======== SUPPLIED MATERIAL ========

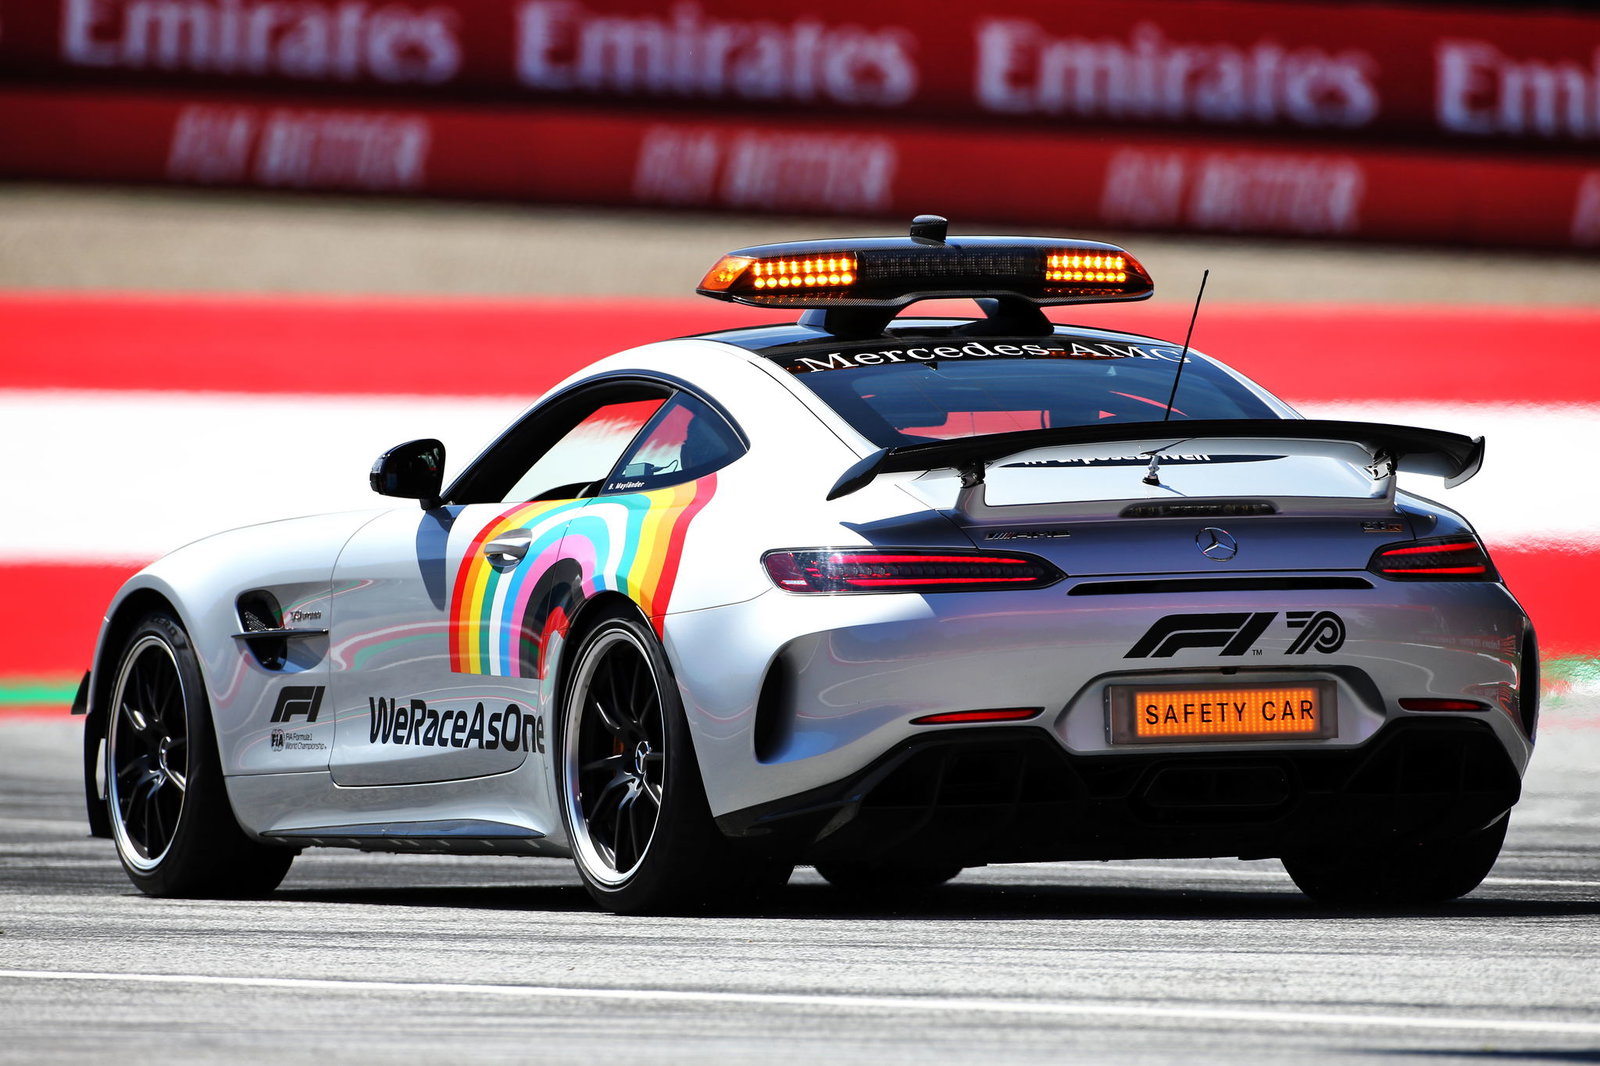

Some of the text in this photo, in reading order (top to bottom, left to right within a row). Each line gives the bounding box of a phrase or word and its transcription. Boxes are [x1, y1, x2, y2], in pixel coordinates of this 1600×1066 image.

[62, 0, 461, 84] Emirates
[516, 0, 915, 101] Emirates
[975, 18, 1378, 127] Emirates
[1436, 38, 1600, 136] Em
[795, 342, 1192, 374] Mercedes-AMG
[368, 696, 546, 754] WeRaceAsOne
[1145, 699, 1315, 725] SAFETY CAR
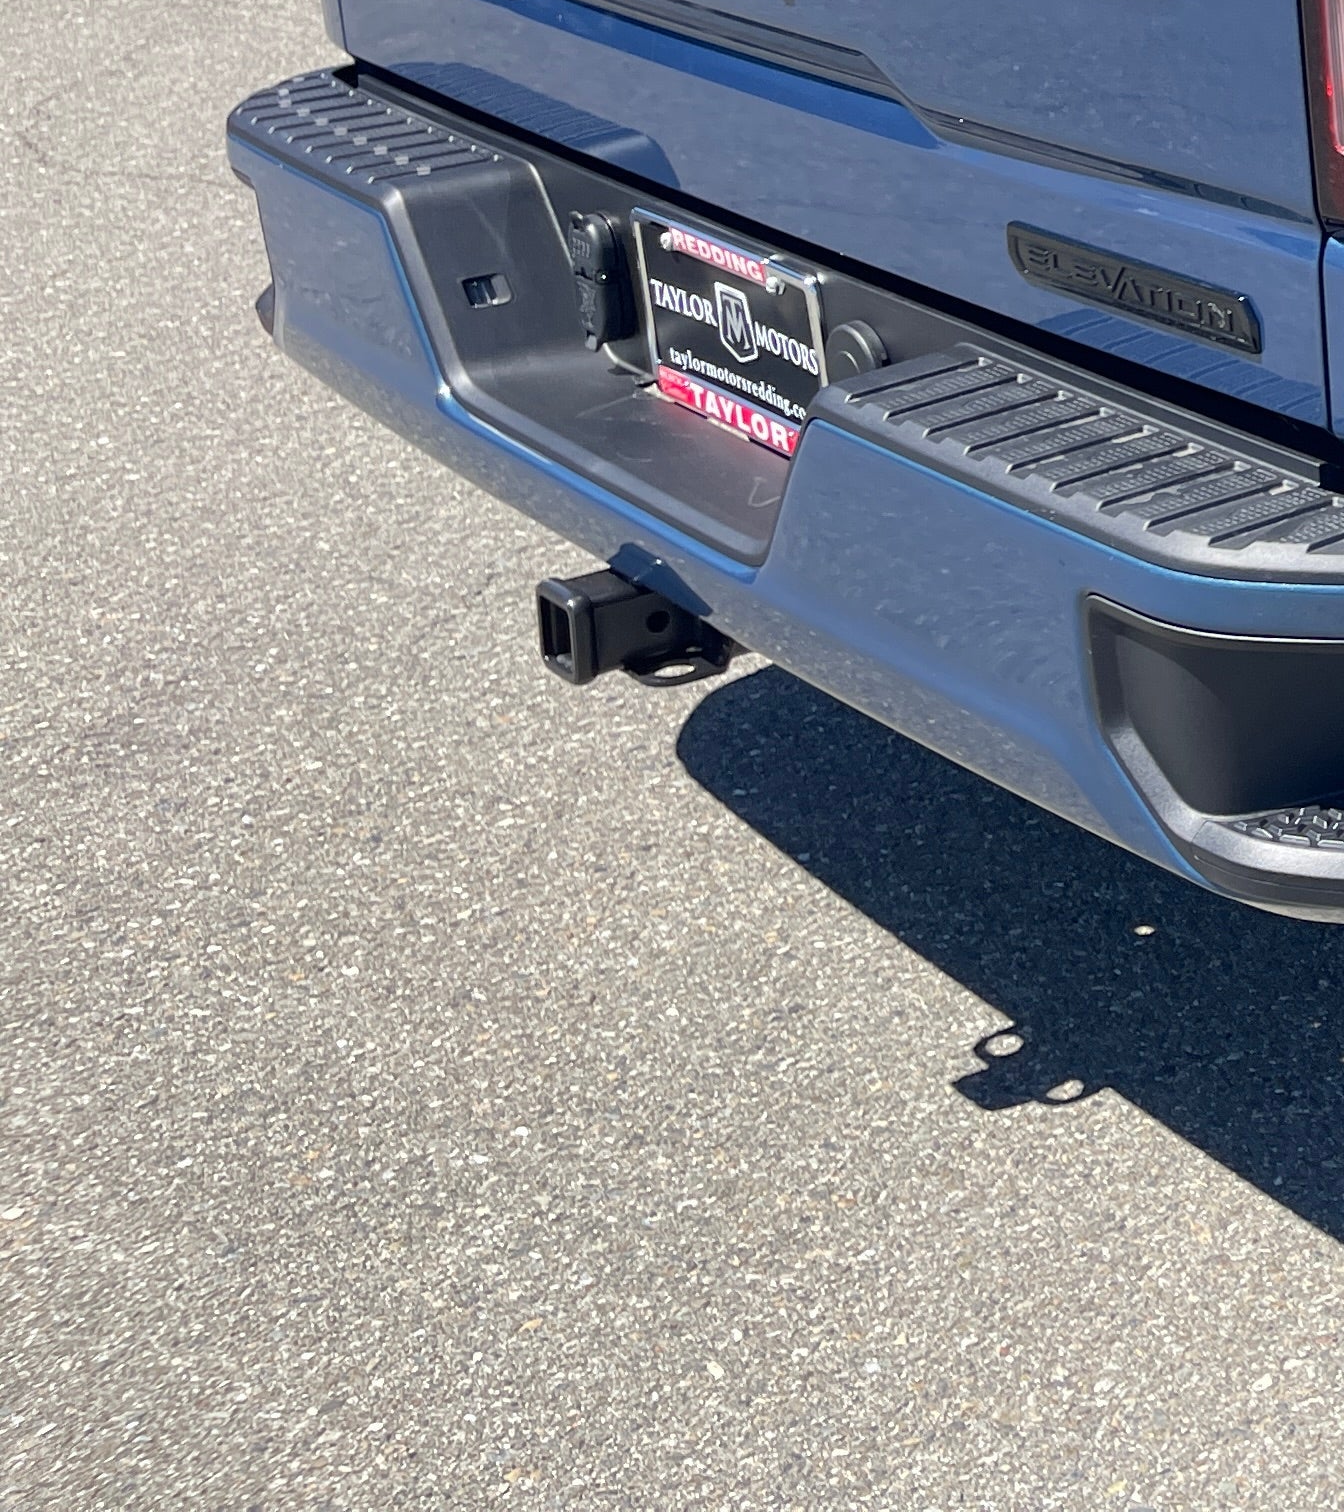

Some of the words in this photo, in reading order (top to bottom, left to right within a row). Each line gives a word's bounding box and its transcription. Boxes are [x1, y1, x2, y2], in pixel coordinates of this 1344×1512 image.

[670, 227, 764, 283] REDDING
[1028, 245, 1236, 333] ELEVATION
[650, 278, 719, 328] TAYLOR
[754, 320, 820, 376] MOTORS
[668, 346, 807, 421] taylormotorsredding.co
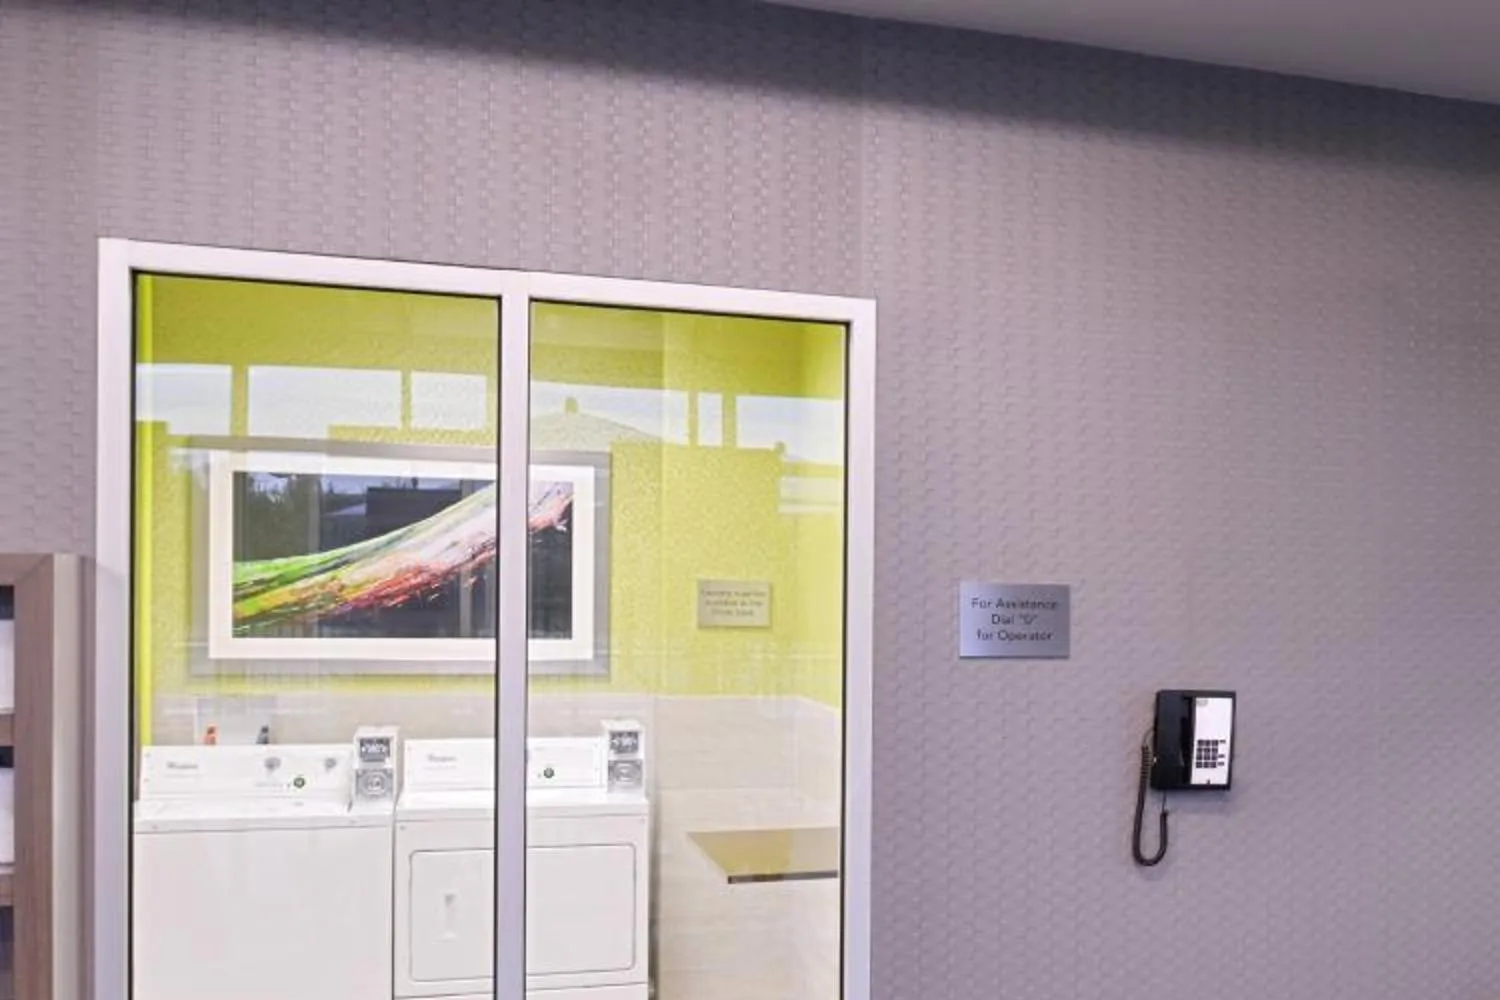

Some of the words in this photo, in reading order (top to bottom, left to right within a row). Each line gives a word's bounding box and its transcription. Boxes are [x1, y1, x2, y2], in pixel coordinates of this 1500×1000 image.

========

→ **ASSIGNED TASK**: Above are the records; transcribe them exactly without the pictures.

→ **REPLY TO THE TASK**:
Some of the text in this photo, in reading order (top to bottom, left to right within a row). Each line gives the bounding box of a phrase or word and its transcription. Boxes are [x1, y1, x2, y2], in pixel coordinates of this 1600×1066 image.

[62, 0, 461, 84] Emirates
[516, 0, 915, 101] Emirates
[975, 18, 1378, 127] Emirates
[1436, 38, 1600, 136] Em
[795, 342, 1192, 374] Mercedes-AMG
[368, 696, 546, 754] WeRaceAsOne
[1145, 699, 1315, 725] SAFETY CAR

Some of the words in this photo, in reading order (top to bottom, left to right within a row). Each line gives a word's bounding box and its transcription. Boxes are [x1, y1, x2, y2], in pixel coordinates of this 1344×1512 image.

[670, 227, 764, 283] REDDING
[1028, 245, 1236, 333] ELEVATION
[650, 278, 719, 328] TAYLOR
[754, 320, 820, 376] MOTORS
[668, 346, 807, 421] taylormotorsredding.co

Some of the words in this photo, in reading order (top to bottom, left to right within a row). Each line gives a word's bounding box and its transcription. Boxes are [x1, y1, x2, y2], in pixel coordinates of this 1500×1000 image.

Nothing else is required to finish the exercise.